One of the advances is signed by Daniel Gehrig, researcher at the University of Pennsylvania (USA), and Davide Scaramuzza, professor of robotics at the University of Zurich (Switzerland). Both have addressed the difficulty of decision-making with high-resolution color images. These need a large bandwidth to be processed with the necessary fluidity and reduce this high capacity at the cost of greater latency, more time to respond. The alternative is to use an event camera, which processes continuous streams of pulses, but at the sacrifice of precision.
To address these limitations, the authors have developed a hybrid system that achieves effective object detection with minimal latency. The algorithm combines information from two cameras: one that slows down the color frame rate to reduce the bandwidth required, and another event camera that compensates for that latency loss, ensuring that fast-moving objects, such as pedestrians and cars, . , can be detected. “The results pave the way toward efficient and accurate object detection, especially in extreme scenarios,” the researchers say.

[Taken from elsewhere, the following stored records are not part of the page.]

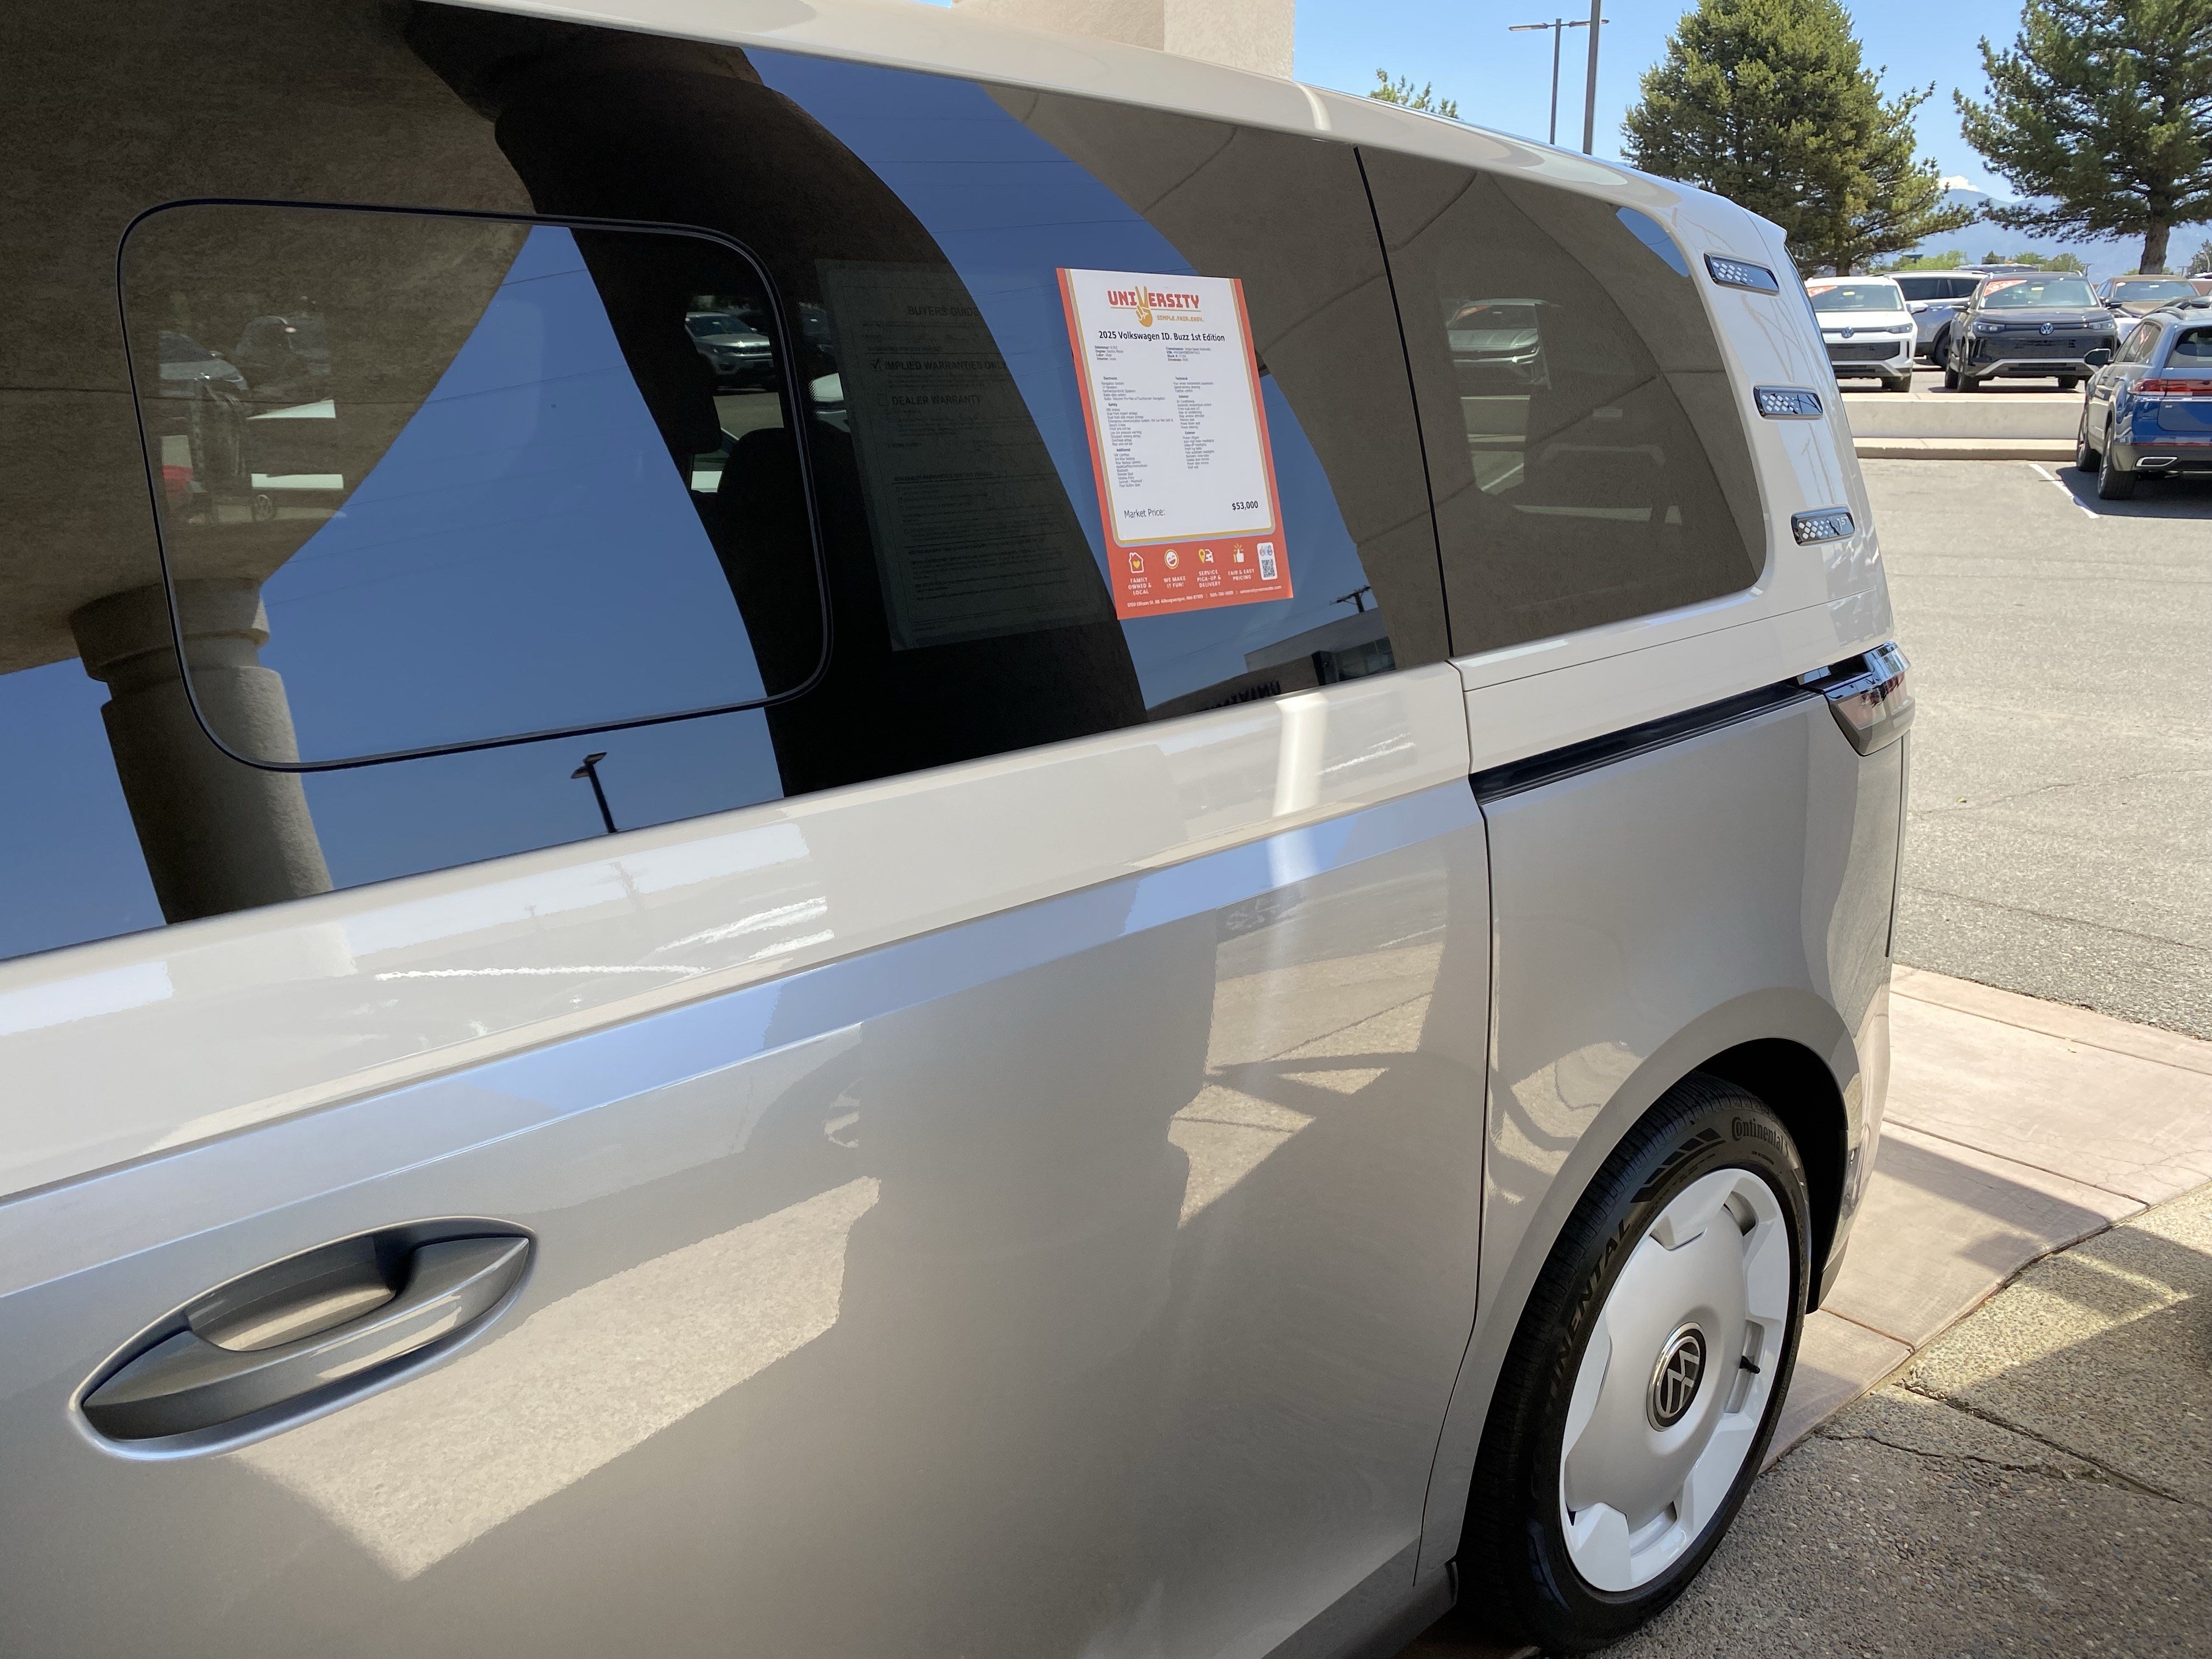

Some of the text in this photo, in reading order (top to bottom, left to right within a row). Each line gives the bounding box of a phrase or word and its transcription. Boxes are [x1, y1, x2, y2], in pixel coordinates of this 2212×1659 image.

[1107, 286, 1200, 309] UNIVERSITY
[907, 306, 947, 316] BUYERS
[1099, 330, 1116, 338] 2025
[1118, 331, 1160, 341] Volkswagen
[1161, 332, 1172, 340] ID.
[1174, 332, 1190, 341] Buzz
[884, 360, 922, 371] IMPLIED
[924, 360, 983, 370] WARRANTIES
[891, 394, 981, 405] DEALER WARRANTY
[1232, 500, 1259, 511] $53,000
[1124, 508, 1165, 518] Market Price:
[1731, 1117, 1783, 1154] Continental

“It’s a breakthrough. Current driver assistance systems such as those from MobileEye—which are built into more than 140 million cars worldwide—work with standard cameras that take 30 frames per second, or one image every 33 milliseconds. Additionally, a minimum of three frames is required to reliably detect a pedestrian or car. This brings the total time to initiate the braking maneuver to 100 milliseconds. Our system allows us to reduce this time to below one millisecond without the need to use a high-speed camera, which would entail an enormous computational cost,” explains Scaramuzza.
Current systems increase the total time to initiate the braking maneuver to 100 milliseconds. Our algorithm allows us to reduce this time to below one millisecond without the need to use a high-speed camera.
Davide Scaramuzza, professor of robotics at the University of Zurich (Switzerland)
The technology has been “transferred to a top-level company,” according to the researcher. “If approved, it can typically take many years from proof of concept to impact to final implementation,” he adds.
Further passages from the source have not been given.